RouteLLM Unlocking Cost Effective LLM Routing

Introduction

Costs associated with using closed-source large language models can add up in the use cases of complex tasks due to the nature of how tokens are priced for using APIs. RouteLLM is a open-sourced project that creates a method to determine based on the query a user sends which LLM to choose based on the query. This routing method substantially lowers the costs traditionally associated with using just one model for large tasks that might not meet the requirements if it can be served by another model of similar functionality. In short, think of you’re determining a path on a road trip you have numerous ways to reach the destination but which one is effective and cost efficient?

Getting Started

I’ve been exploring the use of methods to chain tasks together for various use cases such as research and analyzing outputs of various articles, queries and this stuff adds up. If I was completely running a Claude Sonnet, GPT-4 or other hosted model with large input context windows those costs can add up for small projects. For simplicity you can use the following code as a example as its part of the quick start with slight modification.

Requirements

OpenAI API Access to GPT-models
Groq API Key – Accessing models
Route LLM
Python 3.9 Installed

For starters we’d need the installation of the package to use Routellm

python -m venv routellm
routellm\Scripts\activate (on Windows)
pip install "routellm[serve,eval]"
pip install groq
pip install python-dotenv

Once these are up and running in our virtual environment we can then use the following code.

import os
from groq import Groq
from routellm.controller import Controller
from dotenv import load_dotenv

# load environment variables
load_dotenv()

GROQ_API_KEY = os.getenv("GROQ_API_KEY")
OPENAI_API_KEY = os.getenv("OPENAI_API_KEY")

# create a controller
client = Controller(
    routers=["mf"],
    strong_model="openai/gpt-4o-mini-2024-07-18",
    weak_model="groq/llama3-8b-8192",
)

# Dynamic query that is inserted into the router
query = input('Enter the desired query: ')

# get completions
chat_completion = client.chat.completions.create(
    model="router-mf-0.11593", # Tells Route LLM to use the MF router with a cost threshold of 0.11593
    messages=[
        {
            "role": "user",
            "content": query,
        }
    ],
)

message_content = chat_completion['choices'][0]['message']['content']
model_selected = chat_completion['model']
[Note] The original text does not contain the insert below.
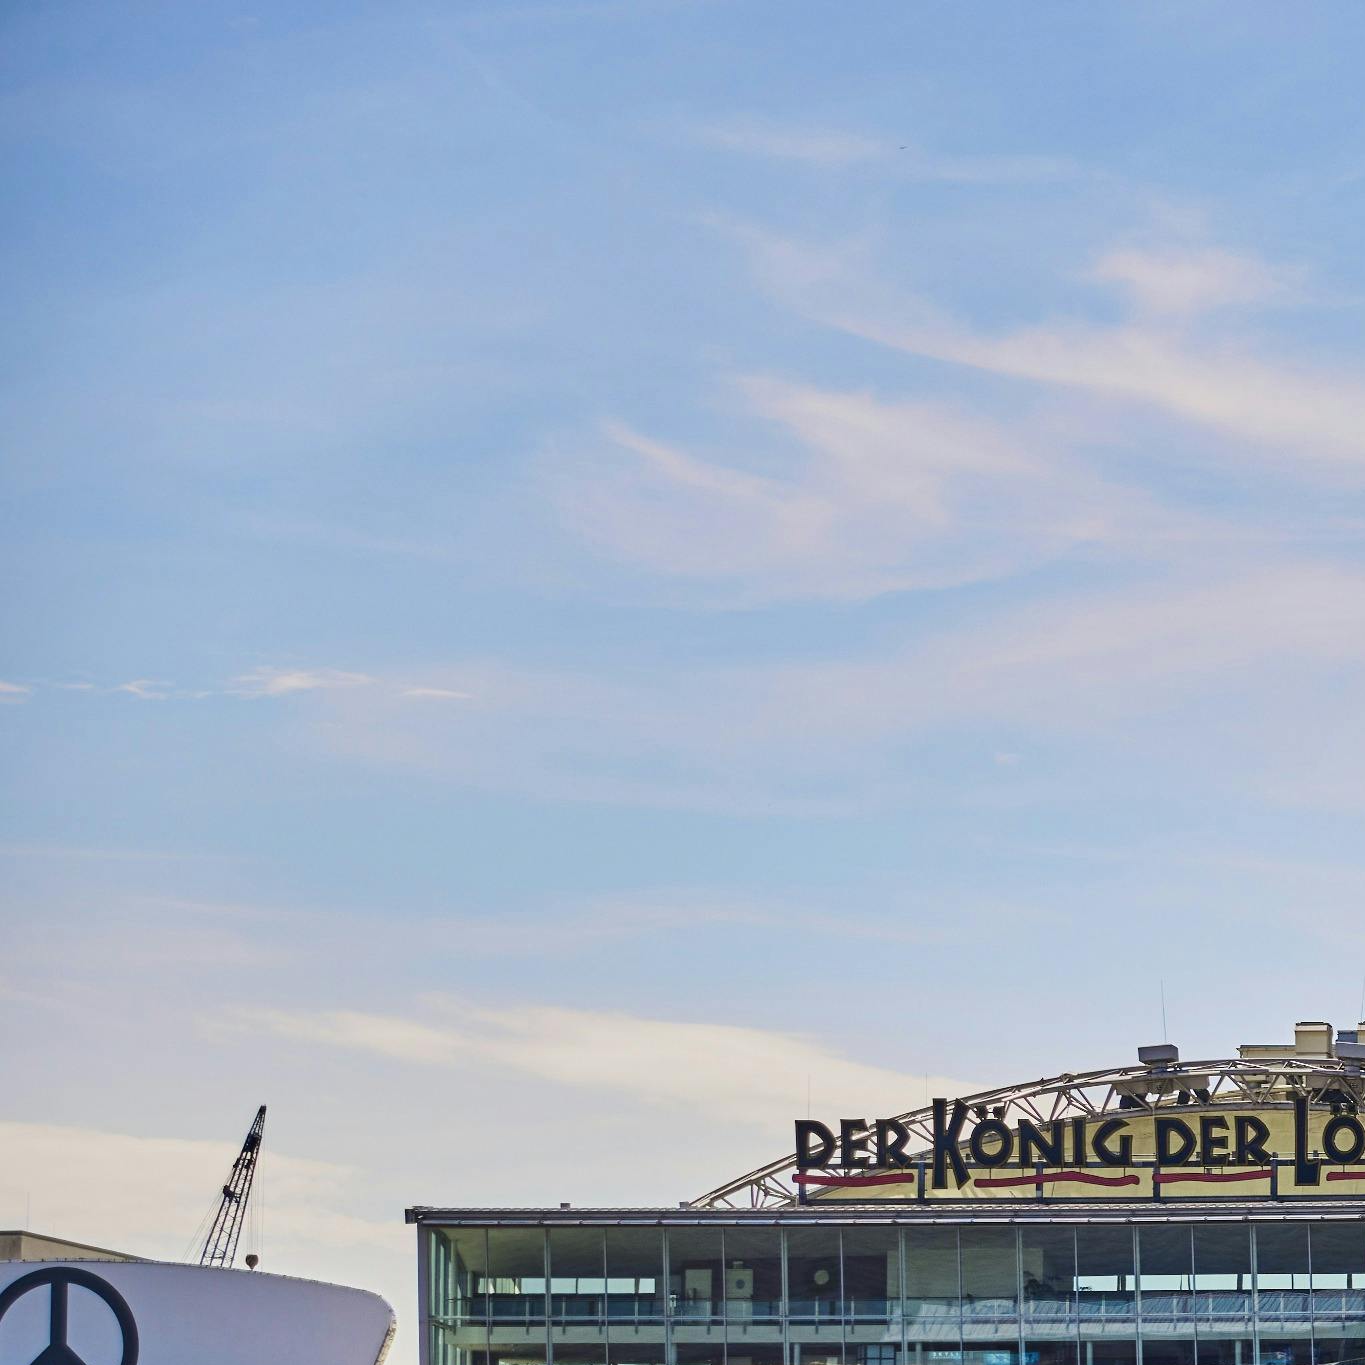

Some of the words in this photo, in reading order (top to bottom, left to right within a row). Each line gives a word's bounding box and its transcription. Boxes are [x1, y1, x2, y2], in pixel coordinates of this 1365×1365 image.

Now a few items to break down from this code the use of the Controller initializes the models using the strong_model, weak_model notice these are denoted a little different in the reference. Since we are using the model referenced from Groq I’ve chosen the model llama3b-8b-8192 and gpt-4o-mini-2024-07-18. How this works is the controller sets the configuration and the use of the chat_completions references the “router-mf-0.11593” the 0.11593 is the threshold of costs we are willing to limit to the router. Now the dynamic use of query is a simple input that gets passed to the router.

Notice the query that is sent is related to Generative AI Security and the model response shows the chosen selected model being Groq. This saves costs because effectively in reason using Groq API is mostly free. The response is thorough in the response and sufficient for this specific ask.

So now I’ve asked it the following prompt to see what it responds with and which model.

Identify potential security threats in a generative AI model's training data. What types of malicious data might be present, and how can they impact model performance and security?

Response as shown below is thorough and chooses Llama-3.

Expanding the uses

Where I could see this being expanded in a project would be in a chat system such as front-end user experience that depending on the query this dynamically selects a model based on difficulty. Another area you could consider the use of RouteLLM is when working with agents perhaps a agent doesn’t need the higher-end access LLM this can route effectively and lower the cost. Given the speed of response given from Groq its hard to compete on the user experience because the response is blazing fast however for more complex tasks that take inputs this can be factored as well. This is a evolving landscape of tools and frameworks to assist end users with adopting generative AI but this one stands out as a cost-effective long term strategy.